Who funds the paras? The War College says that a prime source is the
drug dealers who used their 1980s profits to buy an estimated 5
million to 6 million hectares of land. The drug profits fueled an
"agrarian counterreform." Ultimately, even more land rested in even
fewer hands, aggravating all the traditional problems of rural
inequality and the class conflicts that accompany them. Thus, to
protect their investment, the drug lords worked with the government
and traditional elites to fortify the paramilitaries who are arguably
the principal scourge of the nation.
And the estimated 20,000 guerrillas? Well, they exercise serious
influence over 50 percent of the nation's municipalities; they also
thrive on drug money, and they also murder with impunity. More than
200 political candidates and elected officials were killed on the eve
of 1997 elections.
Manuel Marulanda Velez leads the guerrillas.
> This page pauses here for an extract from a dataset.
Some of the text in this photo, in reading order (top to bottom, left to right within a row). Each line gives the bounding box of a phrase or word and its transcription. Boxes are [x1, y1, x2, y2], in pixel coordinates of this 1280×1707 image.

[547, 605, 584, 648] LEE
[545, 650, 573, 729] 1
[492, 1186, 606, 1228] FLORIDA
This is not his real
name. He chose it when, in 1946, he saw a campesino brutally murdered
by the conservative forces trying to hold back efforts at land reform
and land redistribution.
Since Marulanda's activities extend over 54 years, it seems fair to
argue that his movement (growing at the rate of 40 percent between
1998 and 2000) has staying power and that the elite forces opposing
significant change are also unwilling to radically change their positions.
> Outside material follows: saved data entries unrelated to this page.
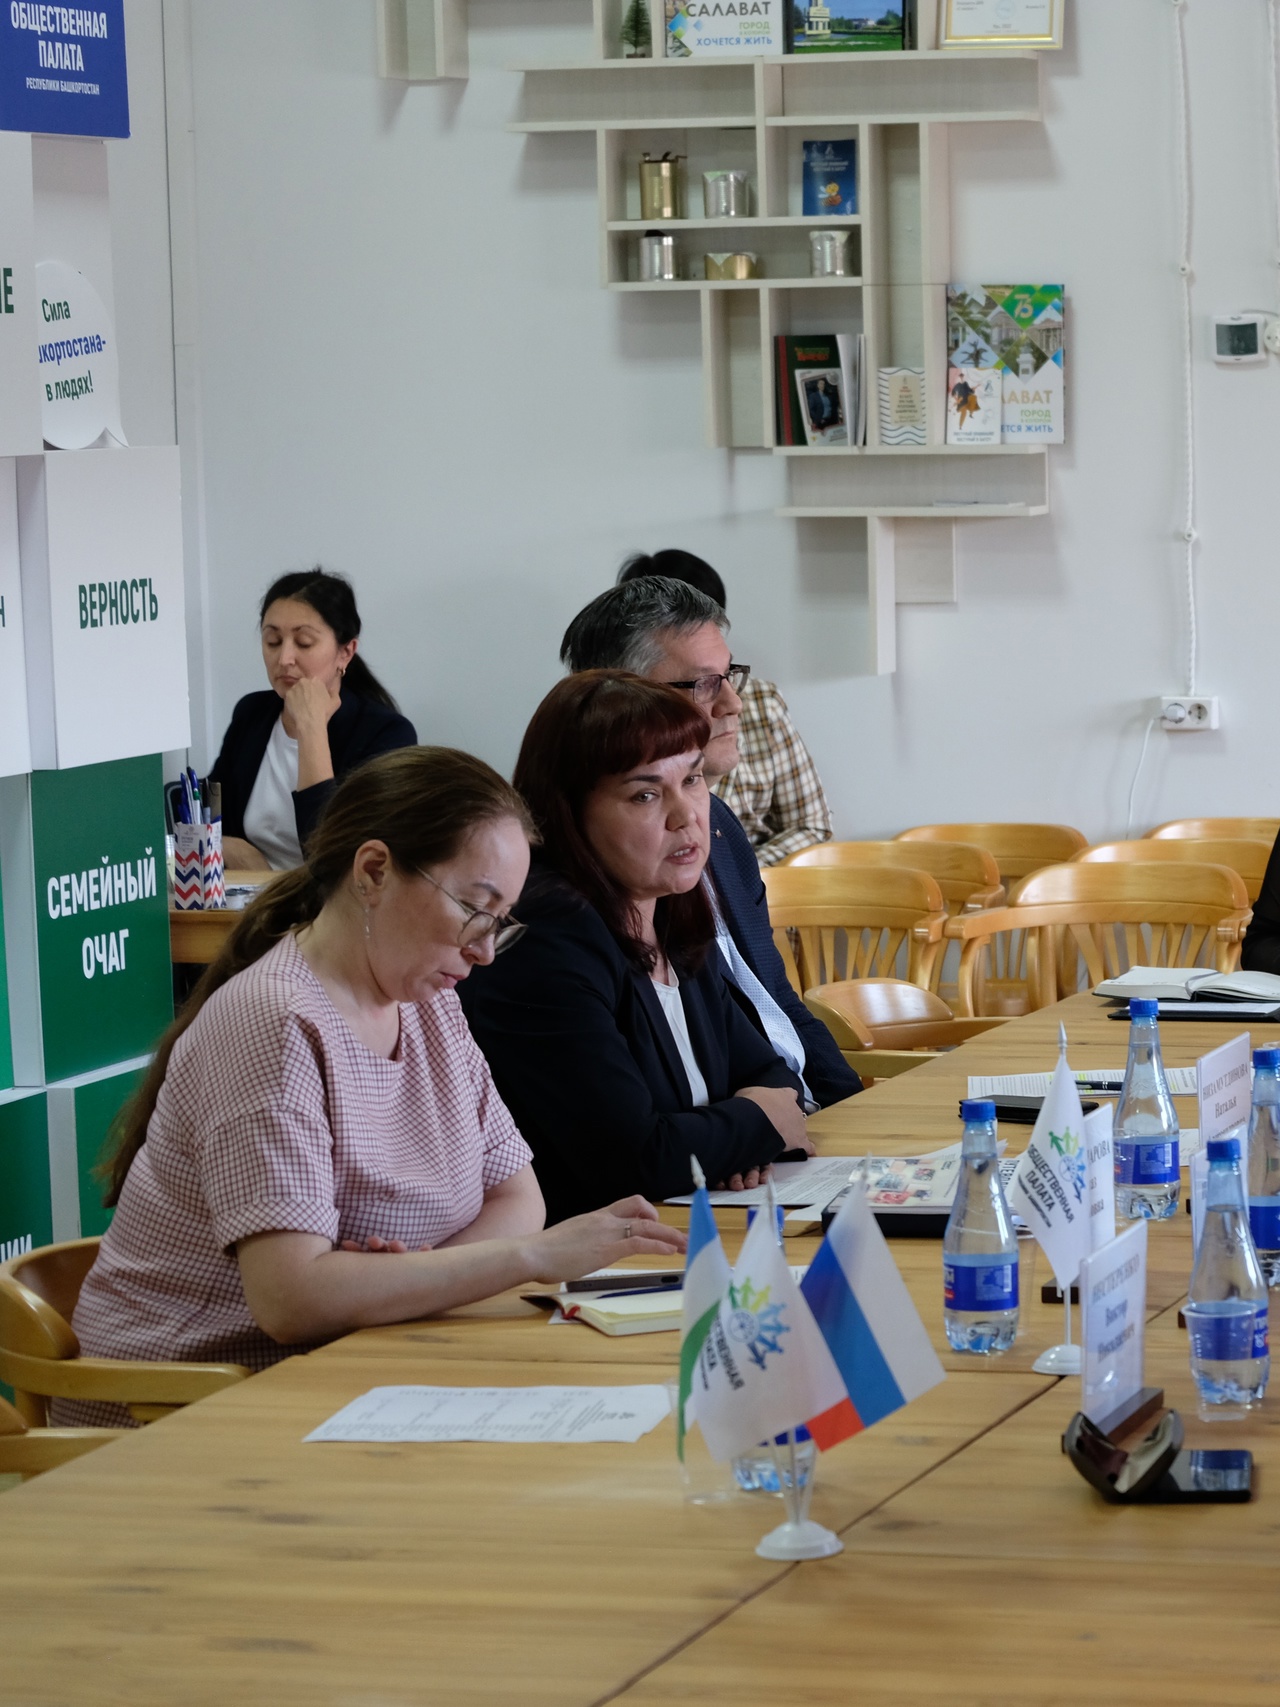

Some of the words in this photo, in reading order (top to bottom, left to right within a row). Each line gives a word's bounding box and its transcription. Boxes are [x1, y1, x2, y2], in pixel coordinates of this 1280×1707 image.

[11, 1, 107, 39] ОБЩЕСТВЕННАЯ
[685, 1, 771, 17] САЛАВАТ
[696, 37, 741, 46] ХОЧЕТСЯ
[744, 36, 772, 45] ЖИТЬ
[739, 21, 770, 30] ГОРОД
[38, 40, 84, 72] ПАЛАТА
[26, 77, 60, 92] РЕСПУБЛИКИ
[60, 80, 100, 95] БАШКОРТОСТАН
[0, 268, 14, 313] Е
[42, 298, 71, 323] Сила
[39, 334, 106, 366] кортостана-
[45, 383, 53, 401] в
[55, 370, 94, 401] людях!
[1001, 390, 1053, 405] АВАТ
[1001, 424, 1022, 433] ЕТСЯ
[1025, 424, 1053, 433] ЖИТЬ
[1020, 409, 1052, 418] ГОРОД
[78, 577, 158, 629] ВЕРНОСТЬ
[47, 846, 157, 919] СЕМЕЙНЫЙ
[82, 928, 129, 979] ОЧАГ
[1025, 1170, 1056, 1213] ПАЛАТА
[1028, 1143, 1075, 1225] ОБЩЕСТВЕННАЯ
Washington is supporting the government, as in Haiti, El Salvador and
Guatemala, by training locals to be professional soldiers. This could
help if U.S. policy-makers can somehow persuade the Colombian
government to change its standing orders. The War College reports that
the 35,000 high school graduates in the Colombian army are exempt from
serving in combat units. And, if you have money, you can also buy your
way out of the war.
In reality, poor guerrillas fight poor soldiers who fight drug-funded
paramilitaries recruiting other poor Colombians. In a recent story in
El Tiempo, the going rate varied with the level of danger. And to
those who refused service, the recruiter offered this admonition. "We
take them to Vietnam," the name chosen by the paramilitaries for their
punishment camps.
The vast majority of Colombia's 39 million people desperately want
peace. When the University of Miami's North/South Center recently
suggested that the incoming Bush administration stop Washington's
focus on the drug war, the center's recommendations were front-page
news in Colombia.
The message was clear: Concentrate all efforts and energies on
fortifying the Colombian government and the peace negotiations --
including real land and social reforms -- that are the only plausible
solutions to a conflict that has already lasted for at least 54 years.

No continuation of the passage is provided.